(Beginning of Exercise data)
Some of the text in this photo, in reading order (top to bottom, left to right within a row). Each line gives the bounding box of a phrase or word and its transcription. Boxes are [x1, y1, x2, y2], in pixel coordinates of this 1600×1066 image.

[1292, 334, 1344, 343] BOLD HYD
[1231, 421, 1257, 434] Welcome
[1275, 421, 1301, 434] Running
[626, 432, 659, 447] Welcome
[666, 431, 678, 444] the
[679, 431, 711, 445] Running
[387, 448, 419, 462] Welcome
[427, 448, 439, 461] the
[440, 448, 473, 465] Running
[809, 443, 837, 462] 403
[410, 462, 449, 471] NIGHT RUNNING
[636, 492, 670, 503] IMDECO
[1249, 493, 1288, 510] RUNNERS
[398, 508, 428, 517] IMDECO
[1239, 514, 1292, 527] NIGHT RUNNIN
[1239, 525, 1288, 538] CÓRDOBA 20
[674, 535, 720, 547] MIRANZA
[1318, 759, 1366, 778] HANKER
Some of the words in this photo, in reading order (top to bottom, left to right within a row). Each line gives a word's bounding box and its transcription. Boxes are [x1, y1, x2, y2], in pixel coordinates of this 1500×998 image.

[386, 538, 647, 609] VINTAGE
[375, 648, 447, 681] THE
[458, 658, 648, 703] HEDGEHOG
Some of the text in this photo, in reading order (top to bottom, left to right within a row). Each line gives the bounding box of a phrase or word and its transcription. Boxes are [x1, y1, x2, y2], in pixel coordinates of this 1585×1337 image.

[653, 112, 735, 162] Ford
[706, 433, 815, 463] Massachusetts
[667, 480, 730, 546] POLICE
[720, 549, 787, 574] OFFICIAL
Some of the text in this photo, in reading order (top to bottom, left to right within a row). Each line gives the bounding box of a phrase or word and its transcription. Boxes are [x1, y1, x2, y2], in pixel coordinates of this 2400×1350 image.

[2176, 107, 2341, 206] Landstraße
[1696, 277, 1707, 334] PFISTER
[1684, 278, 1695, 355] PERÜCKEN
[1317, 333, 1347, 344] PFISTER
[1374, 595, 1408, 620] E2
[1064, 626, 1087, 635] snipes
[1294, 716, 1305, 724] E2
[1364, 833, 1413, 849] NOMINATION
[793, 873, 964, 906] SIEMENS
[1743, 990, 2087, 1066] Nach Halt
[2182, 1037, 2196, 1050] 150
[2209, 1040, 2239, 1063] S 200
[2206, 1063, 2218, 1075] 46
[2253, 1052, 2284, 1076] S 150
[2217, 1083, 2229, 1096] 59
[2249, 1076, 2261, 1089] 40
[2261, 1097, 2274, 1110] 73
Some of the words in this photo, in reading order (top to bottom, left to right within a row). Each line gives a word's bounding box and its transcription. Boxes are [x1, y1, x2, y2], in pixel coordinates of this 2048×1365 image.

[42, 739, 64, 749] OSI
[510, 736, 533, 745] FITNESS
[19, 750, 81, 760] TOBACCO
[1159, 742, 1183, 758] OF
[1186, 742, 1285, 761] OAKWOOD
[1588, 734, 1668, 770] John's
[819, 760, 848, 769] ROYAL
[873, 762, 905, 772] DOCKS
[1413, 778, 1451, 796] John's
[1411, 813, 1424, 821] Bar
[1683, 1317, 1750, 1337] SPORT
(End of Exercise data)
Copy out the line containing "this 2400×1350 image.", then every line after it through the end of the listing, exactly and with nothing else.

**Exercise result:**
Some of the text in this photo, in reading order (top to bottom, left to right within a row). Each line gives the bounding box of a phrase or word and its transcription. Boxes are [x1, y1, x2, y2], in pixel coordinates of this 2400×1350 image.

[2176, 107, 2341, 206] Landstraße
[1696, 277, 1707, 334] PFISTER
[1684, 278, 1695, 355] PERÜCKEN
[1317, 333, 1347, 344] PFISTER
[1374, 595, 1408, 620] E2
[1064, 626, 1087, 635] snipes
[1294, 716, 1305, 724] E2
[1364, 833, 1413, 849] NOMINATION
[793, 873, 964, 906] SIEMENS
[1743, 990, 2087, 1066] Nach Halt
[2182, 1037, 2196, 1050] 150
[2209, 1040, 2239, 1063] S 200
[2206, 1063, 2218, 1075] 46
[2253, 1052, 2284, 1076] S 150
[2217, 1083, 2229, 1096] 59
[2249, 1076, 2261, 1089] 40
[2261, 1097, 2274, 1110] 73
Some of the words in this photo, in reading order (top to bottom, left to right within a row). Each line gives a word's bounding box and its transcription. Boxes are [x1, y1, x2, y2], in pixel coordinates of this 2048×1365 image.

[42, 739, 64, 749] OSI
[510, 736, 533, 745] FITNESS
[19, 750, 81, 760] TOBACCO
[1159, 742, 1183, 758] OF
[1186, 742, 1285, 761] OAKWOOD
[1588, 734, 1668, 770] John's
[819, 760, 848, 769] ROYAL
[873, 762, 905, 772] DOCKS
[1413, 778, 1451, 796] John's
[1411, 813, 1424, 821] Bar
[1683, 1317, 1750, 1337] SPORT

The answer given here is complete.